Inter-Faith Food Shuttle

This past Sunday, I went to an annual fund raiser for the Inter-Faith Food Shuttle with my long time friend Jill Staton Bullard, who co-founded the Food Shuttle in 1989.  The idea was born one day when Jill and her good friend Maxine Solomon were at a local McDonald’s and saw the staff throwing out food that was not used.  Thinking this was not acceptable, Jill and Maxine decided to start a non-profit business shuttling food that was to be thrown away to groups who could use the food and give it to the hungry among us.

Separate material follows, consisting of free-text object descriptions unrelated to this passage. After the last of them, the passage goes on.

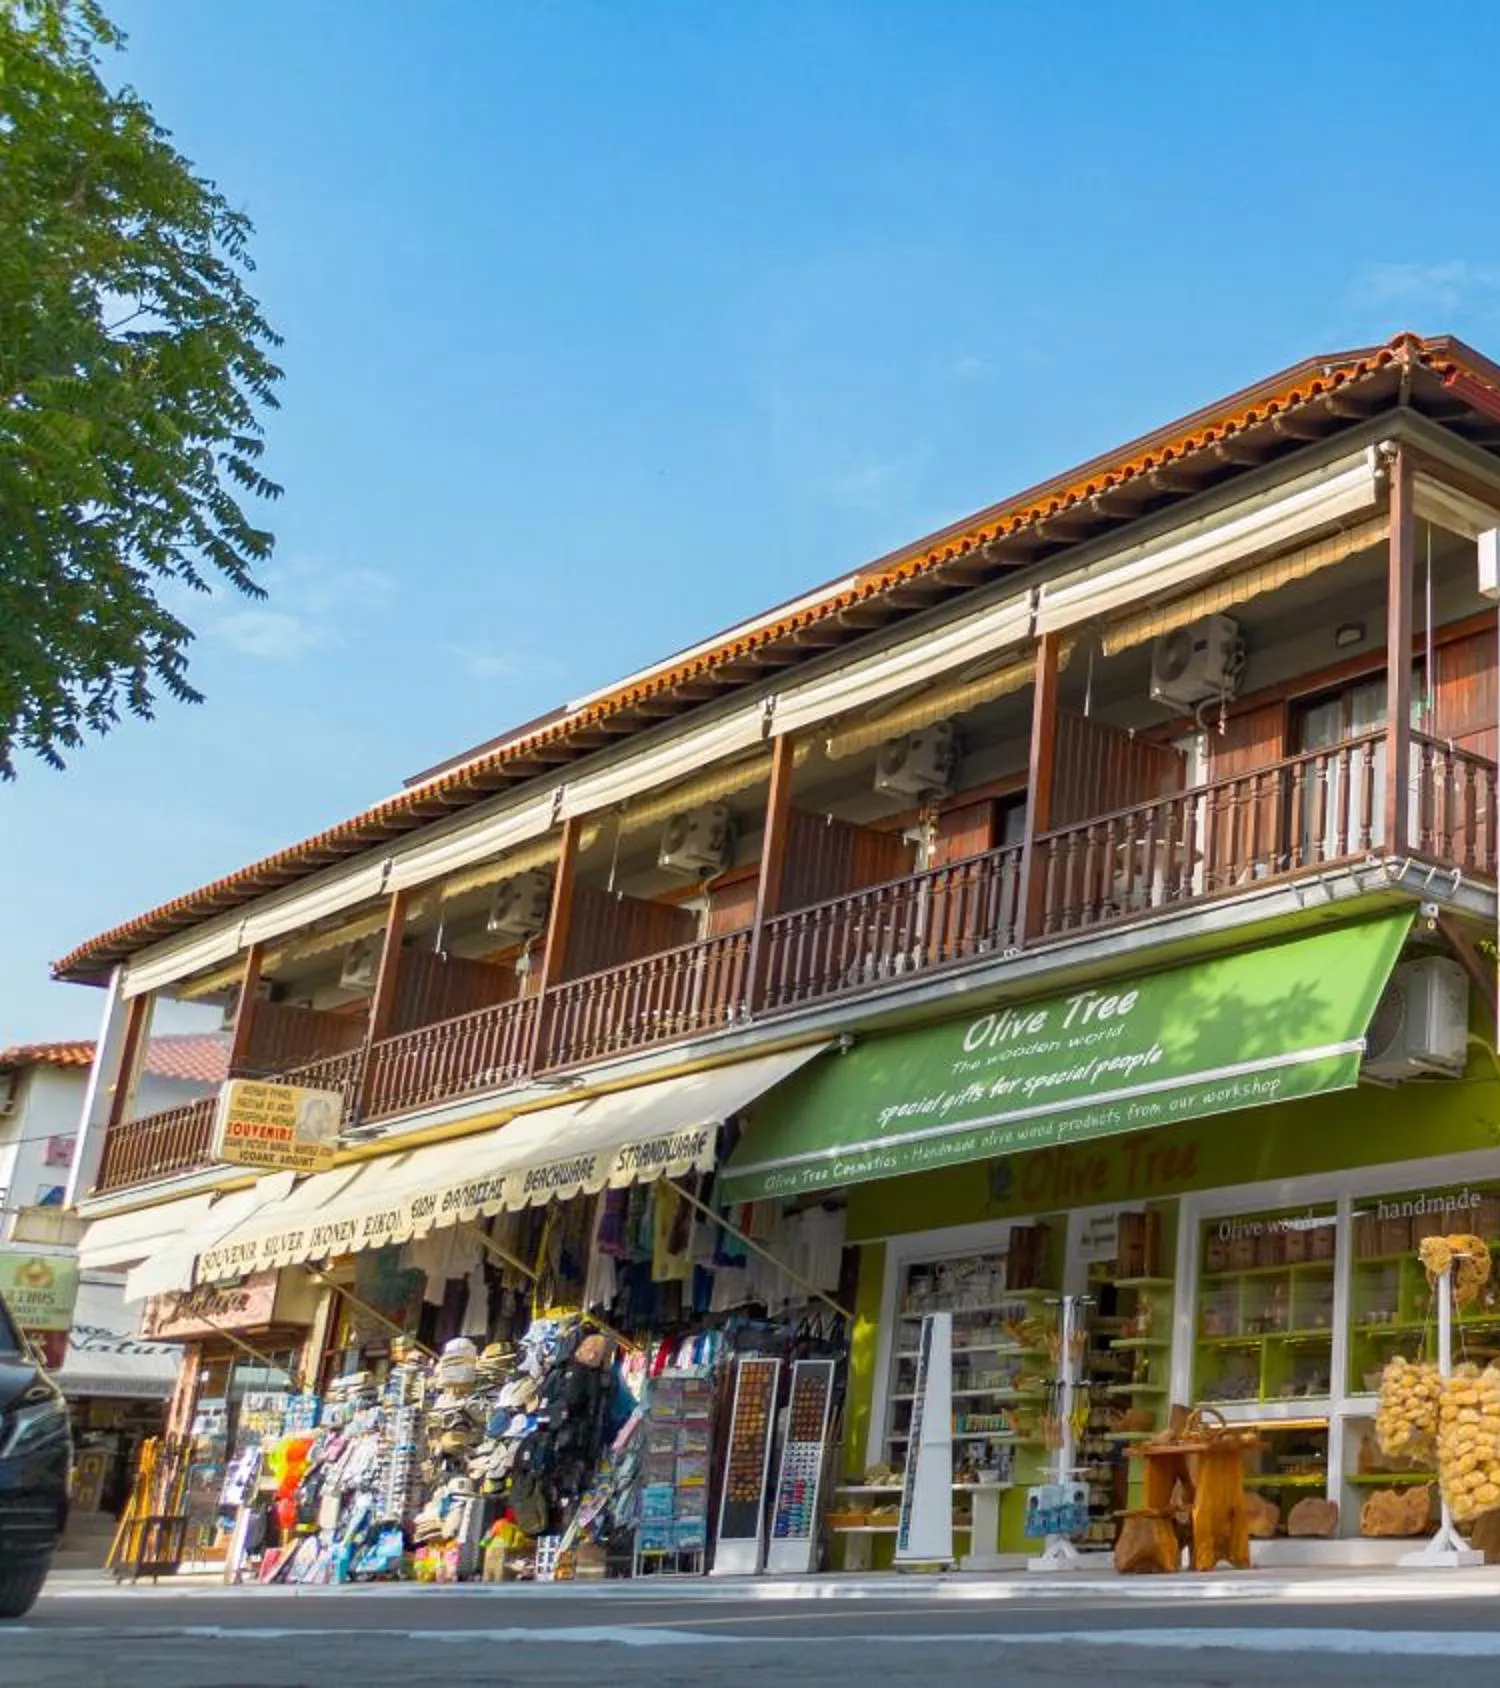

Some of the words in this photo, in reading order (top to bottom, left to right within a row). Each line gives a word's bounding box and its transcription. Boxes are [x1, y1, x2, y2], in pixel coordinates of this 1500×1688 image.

[952, 1059, 981, 1075] The
[987, 1040, 1060, 1067] wooden
[1069, 1023, 1125, 1048] world
[963, 1008, 1049, 1052] Olive
[1062, 989, 1139, 1029] Tree
[876, 1091, 943, 1128] special
[939, 1081, 985, 1117] gifts
[988, 1074, 1022, 1099] for
[1021, 1057, 1097, 1099] special
[1090, 1043, 1164, 1084] people
[801, 1167, 828, 1185] Tree
[911, 1136, 976, 1161] Handmade
[981, 1128, 1014, 1147] olive
[1016, 1122, 1054, 1142] wood
[1056, 1109, 1122, 1141] products
[1127, 1103, 1163, 1121] from
[1169, 1094, 1197, 1111] our
[1202, 1076, 1283, 1105] workshop
[1120, 1134, 1201, 1191] Tree
[1219, 1219, 1263, 1242] Olive
[1377, 1188, 1482, 1221] handmade

                                                                                    

 In 1989, they distributed 750 pounds of food from just 3 food donors.  In 2009, they distributed 6.2 million pounds of food from over 200 food donors, and it is anticipated that this year, they will distribute 6.7 pounds of food from over 220 food donors. 

 

  The Food Shuttle now distributes food to 7 counties, those being Wake, Durham, Edgecombe, Chatham, Orange, Nash and Johnston.  They do this with 14 refrigerated trucks and over 36,000 volunteer man or woman hours.

 

   Clearly, the Food Shuttle has proved to be a successful idea and venture.  But this note is not just about what they have done.  It is about the present and what still needs to be accomplished. 

 

    In the 7 county region in which the Food Shuttle works each day, there are more than 53,000 children that live in poverty.  In the United States, according to statistics from the United States Department of Agriculture, 1/5 of all food in this country goes to waste each year.  Approximately 130 pounds of food per person ends up in a landfill, and incredibly the value of lost food is over $31 billion.  But the saddest part is that with this food, approximately 49 million people could have been fed.

 

      The Food Shuttle now has a program called “Back Pack Buddies” that provides food to deserving children for the weekend during the school year at the approximate cost of $350 per child.

 

      And…the Food Shuttle has started community gardens to help and assist people to grow food that can be distributed to those who need it.

 

       It was an amazing experience to see so many people who contribute so much to help those who are hungry.  You can see them yourself and learn more about Jill and the terrific work she and others do by visiting their website at www.foodshuttle.org.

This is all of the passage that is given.